Data extract below:

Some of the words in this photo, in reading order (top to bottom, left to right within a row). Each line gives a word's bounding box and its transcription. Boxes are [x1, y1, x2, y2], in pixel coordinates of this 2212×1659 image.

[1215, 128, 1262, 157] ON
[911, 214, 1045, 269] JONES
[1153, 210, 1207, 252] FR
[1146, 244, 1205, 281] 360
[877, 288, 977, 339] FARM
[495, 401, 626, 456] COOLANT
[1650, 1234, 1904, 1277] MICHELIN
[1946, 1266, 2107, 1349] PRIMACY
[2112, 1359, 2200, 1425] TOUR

End of Data extract.

**Your objective**
The data above must be reproduced in full, exactly as given.

**Answer box**
Some of the words in this photo, in reading order (top to bottom, left to right within a row). Each line gives a word's bounding box and its transcription. Boxes are [x1, y1, x2, y2], in pixel coordinates of this 2212×1659 image.

[1215, 128, 1262, 157] ON
[911, 214, 1045, 269] JONES
[1153, 210, 1207, 252] FR
[1146, 244, 1205, 281] 360
[877, 288, 977, 339] FARM
[495, 401, 626, 456] COOLANT
[1650, 1234, 1904, 1277] MICHELIN
[1946, 1266, 2107, 1349] PRIMACY
[2112, 1359, 2200, 1425] TOUR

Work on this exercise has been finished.